Solving combinatorial optimization problems through stochastic Landau-Lifshitz-Gilbert dynamical systems

TL;DR

This paper introduces a novel approach for combinatorial optimization using physical dynamics of 3d rotors governed by Landau-Lifshitz-Gilbert equations, enabling escape from local minima and high-quality solutions.

Contribution

It proposes a physics-inspired optimization method leveraging macrospin dynamics, outperforming traditional relaxation techniques and compatible with magnetic device implementations.

Findings

Produces high-quality solutions comparable to state-of-the-art algorithms

Capable of escaping local minima through physical dynamics

Suitable for implementation with magnetic tunnel junction devices

Abstract

We present a method to approximately solve general instances of combinatorial optimization problems using the physical dynamics of 3d rotors obeying Landau-Lifshitz-Gilbert dynamics.
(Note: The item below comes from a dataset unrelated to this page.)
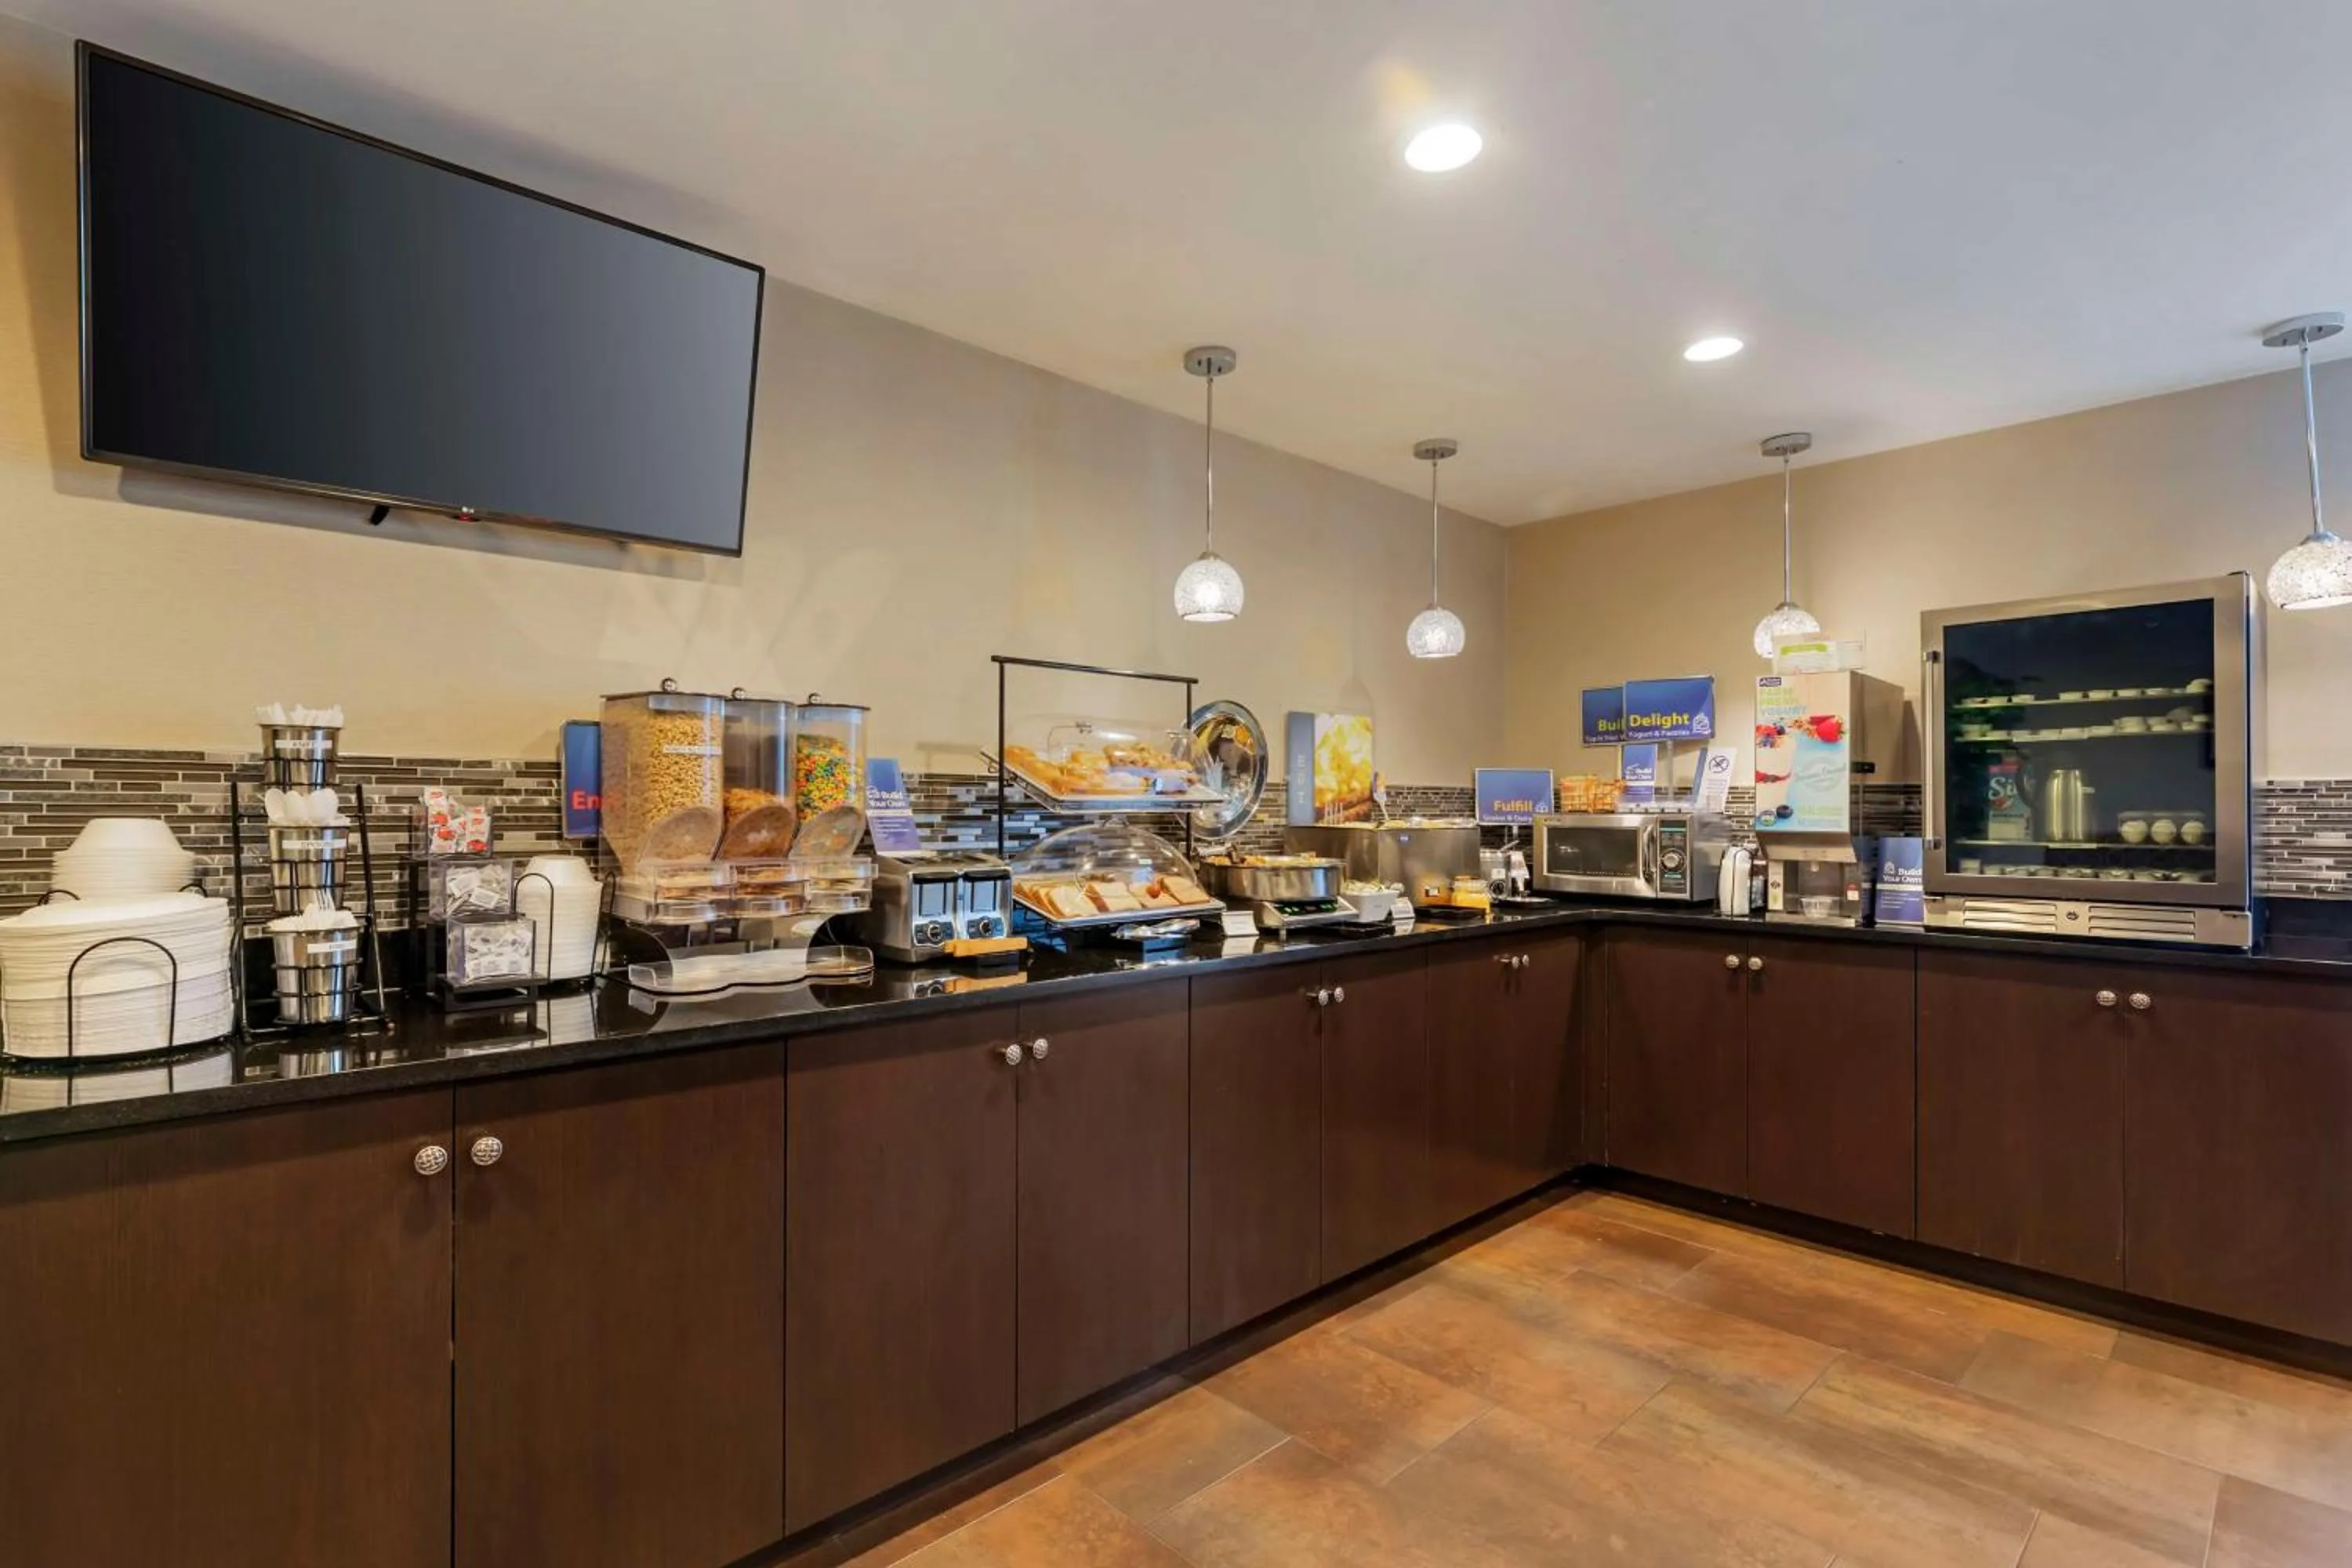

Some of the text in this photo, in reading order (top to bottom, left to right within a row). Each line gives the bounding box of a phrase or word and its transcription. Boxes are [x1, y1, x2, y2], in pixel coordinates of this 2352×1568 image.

[1629, 713, 1690, 728] Delight
[881, 790, 903, 800] Build
[1494, 799, 1534, 813] Fulfill
Conventional techniques to solve discrete optimization problems that use simple continuous relaxation of the objective function followed by gradient descent minimization are inherently unable to avoid local optima, thus producing poor-quality solutions. Our method considers the physical dynamics of macrospins capable of escaping from local minima, thus facilitating the discovery of high-quality, nearly optimal solutions, as supported by extensive numerical simulations on a prototypical quadratic unconstrained binary optimization (QUBO) problem. Our method produces solutions that compare favorably with those obtained using state-of-the-art minimization algorithms (such as simulated annealing) while offering the advantage of being physically realizable by means of arrays of stochastic magnetic tunnel junction devices.